December Park(137)
A week later, the phone rang just after eight o’clock on a Wednesday morning. I was already up, having to be at Secondhand Thrift for work by nine. My father had left for the day, but he’d scribbled his beeper number on the wall pad beside the phone in case anyone called for him. I had hardly seen him since Jennifer Vestos went missing.
“Is that you, Mazzone?”
I just barely recognized the voice. “Michael? Where are you?”
“At summer school. I told the secretary I left my lunch at home and needed to call my mom.”
“I’m not bringing you your lunch.”
“No, man,” he said, his voice urgent but hushed. I pictured the overweight school secretary who always wore too much makeup staring at him from across the office. “I don’t need a lunch. Well, I mean, yeah, I could use a lunch, but that’s not why I’m calling.”
“What do you want?”
“Round up the guys, and meet me here after school lets out at two thirty.”
“It’s summer. The last thing I want to do is meet you at school.”
“Dude, you have to. I found something, and you guys are gonna flip the f*ck out.” In his excitement his voice had risen, and in the background I heard the secretary scolding him for his language. Michael ignored her.
“I’ve got work all day,” I reminded him. “I don’t get out till five.”
“You need to get here before they close the school. Can’t you call in sick or something?”
Since Callibaugh was friends with my grandfather and knew my dad peripherally, any excuse I used to get out of work would eventually follow me home. I had to be careful. “I’ll think of something,” I said, sighing.
“Awesome. Two thirty by the smoking door.” A second later, there was a dial tone in my ear.
When I arrived at Secondhand Thrift, Callibaugh was scrounging around on his hands and knees behind the front desk. He looked up, his features relaxing when he saw that it was me and not a customer.
“Morning,” I said.
“The cavalry has arrived,” Callibaugh intoned, locating what he’d been looking for, which turned out to be a tiny plastic sprocket no bigger than an atom.
“Can I use the phone in the back?”
“Are you planning to call China?”
“No, sir.”
“Have at it, young scalawag.”
The back office was no bigger than a closet, its rows of unpainted wooden shelves crowded with paperwork, three-ring binders, and a few model ships. A cheap desk was shoved against one wall, its surface frilly with curled bits of receipts and other random papers, and the telephone was buried beneath a VCR manual.
I called Peter, informed him of Michael’s request, then told him to pass along the info to Scott and Adrian. “You guys may have to go without me. I’m stuck at work.”
“Sneak out.”
“It isn’t that easy.”
“That old fart wouldn’t even know you were gone.”
I laughed and we hung up.
I spent the morning transporting boxes from the stockroom, and to the best of my ability, organizing the shelves.
When I didn’t adjourn to the back room at noon for lunch, Callibaugh said nothing yet eyed me suspiciously as if he’d just caught me doing something immoral.

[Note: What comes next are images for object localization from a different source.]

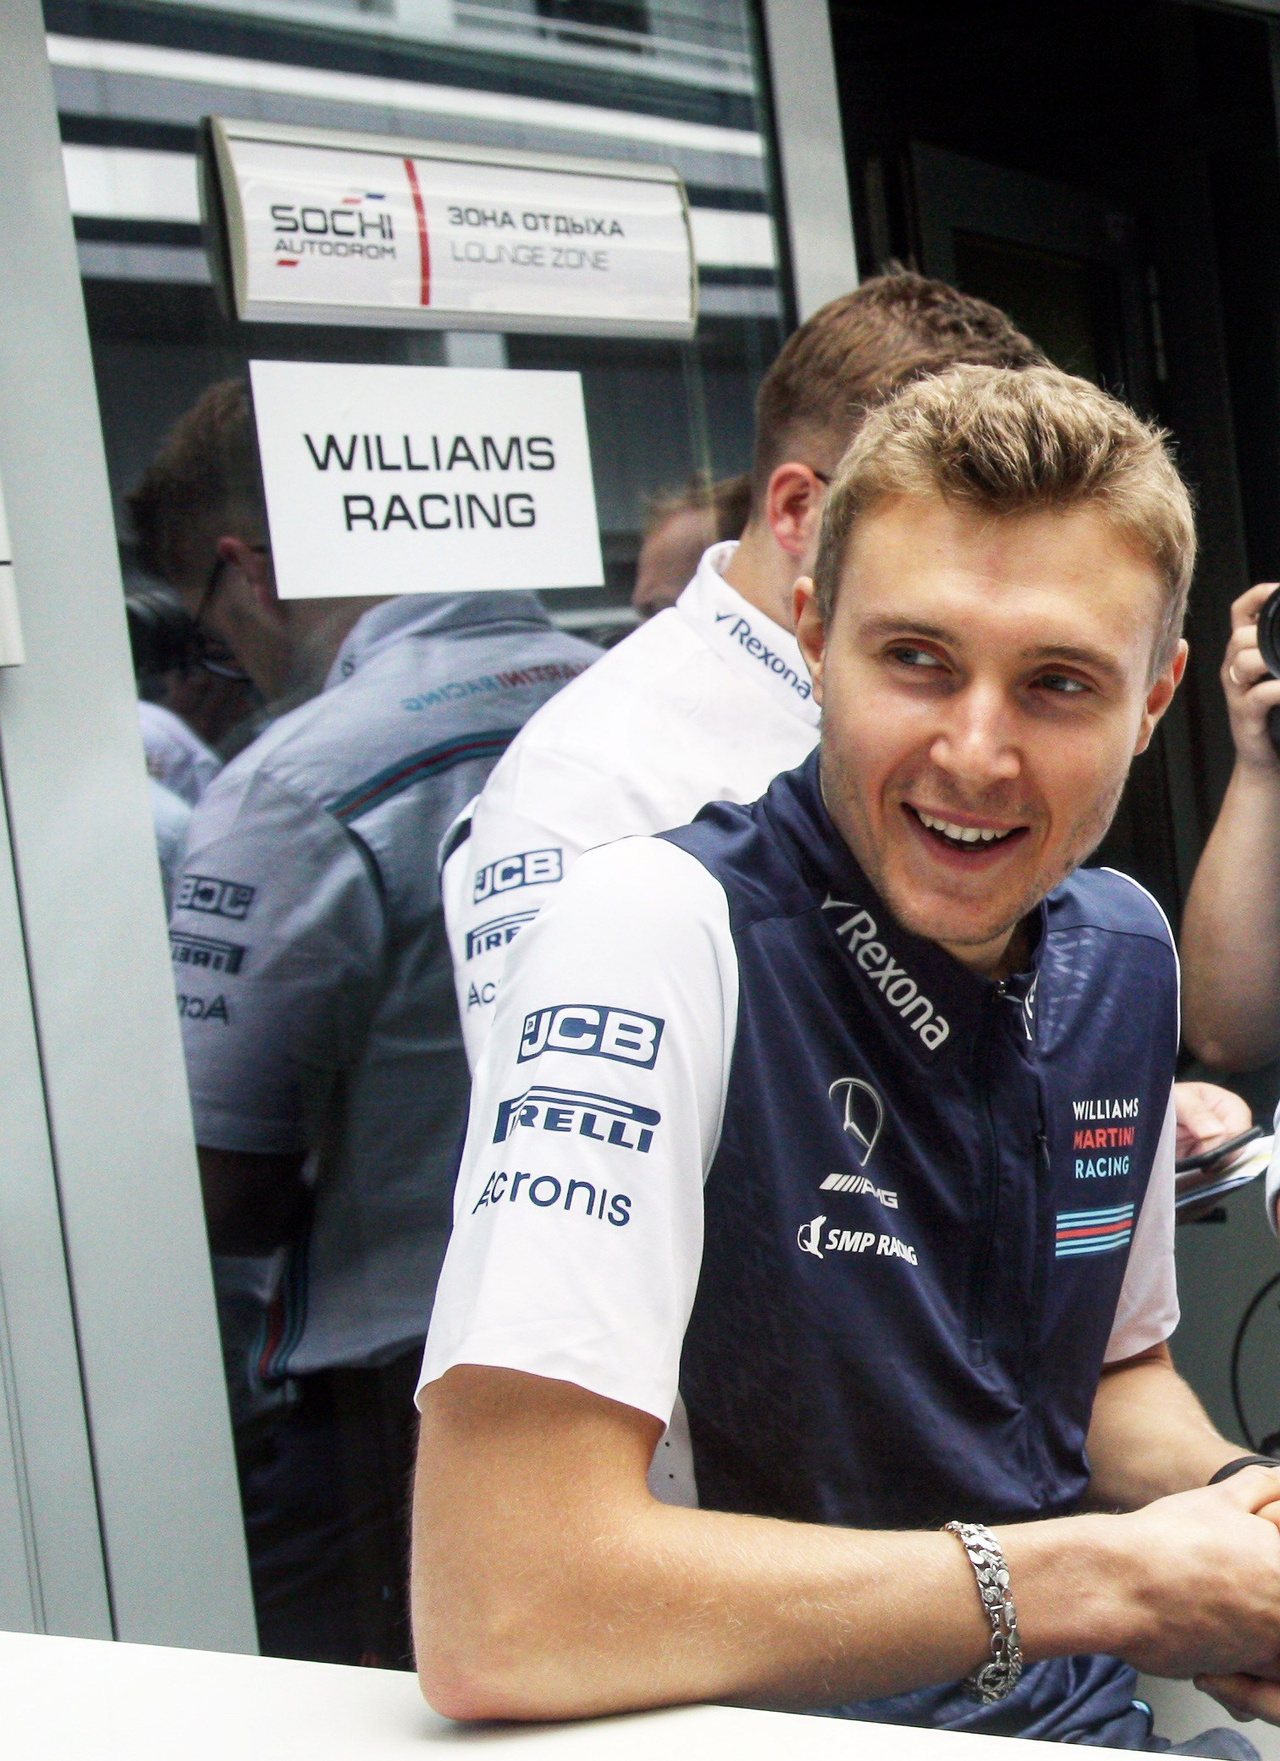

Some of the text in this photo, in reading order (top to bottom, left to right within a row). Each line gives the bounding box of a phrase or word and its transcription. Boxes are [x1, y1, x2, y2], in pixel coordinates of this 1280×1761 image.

[271, 205, 394, 239] SOCHI
[448, 206, 625, 237] ЗОНА ОТДЫХА
[274, 237, 397, 259] AUTODROM
[451, 240, 609, 271] LOUNGE ZONE
[304, 433, 555, 471] WILLIAMS
[343, 493, 536, 531] RACING
[729, 617, 812, 700] Rexona
[474, 849, 563, 904] JCB
[836, 910, 950, 1050] Rexona
[519, 1005, 661, 1067] JCB
[1072, 1097, 1139, 1120] WILLIAMS
[1073, 1126, 1135, 1150] MARTINI
[1075, 1155, 1130, 1179] RACING
[472, 1171, 632, 1226] Acronis
[825, 1229, 875, 1253] SMP

At a quarter past one, the old cur shambled out from the back room, a can of Chef Boyardee in one hand. There was tomato sauce at the corners of his mouth, and he smelled of cigar smoke and modeling glue. “Your grandmother got you on some strict diet? Because you look like skin and bones to me.”
“I’m sorry?”
“Food,” he said, spraying flecks of Chef Boyardee into the air. “Didn’t bring your lunch today?”
“I forgot it.”
Callibaugh surveyed the store, which hadn’t seen a customer since eleven thirty. “Why don’t you skip out for your lunch hour and get some food?”
“Thanks. I’ll just finish stocking this shelf first.”
Thus, I was tearing across the rear parking lot of the high school on my bike by 2:25. With the exception of a solitary cheddar-yellow school bus chugging out onto the main road, the boisterous cackle and flailing arms of students spilling through the half-open bus windows, the parking lot was deserted.
I pedaled over to the set of concrete steps at the far end of the lot. Peter, Scott, and Adrian were perched on them. Behind them, the bloodred steel smoking door, which would have looked less out of place on the hull of a submarine, stood shut. We’d termed it as such because it was the door we popped out of whenever we wanted a quick smoke between classes but didn’t have time to make it to one of the less populated restrooms in B Hall. It was the only door in the whole school that wouldn’t automatically lock you out.
“And he arrives,” Peter said. “I was wondering if you’d make it. So what’s this about, anyway?”
I dumped my bike on the blacktop. “I don’t have a clue. You guys know just as much as I do.”
At the top of the steps, the smoking door creaked open—a sound equally befitting of a submarine—and Michael poked his head out. He beamed at us.
“Okay,” I said, still a bit winded from my bike ride halfway across town, “so we’re here. What’s the big surprise?”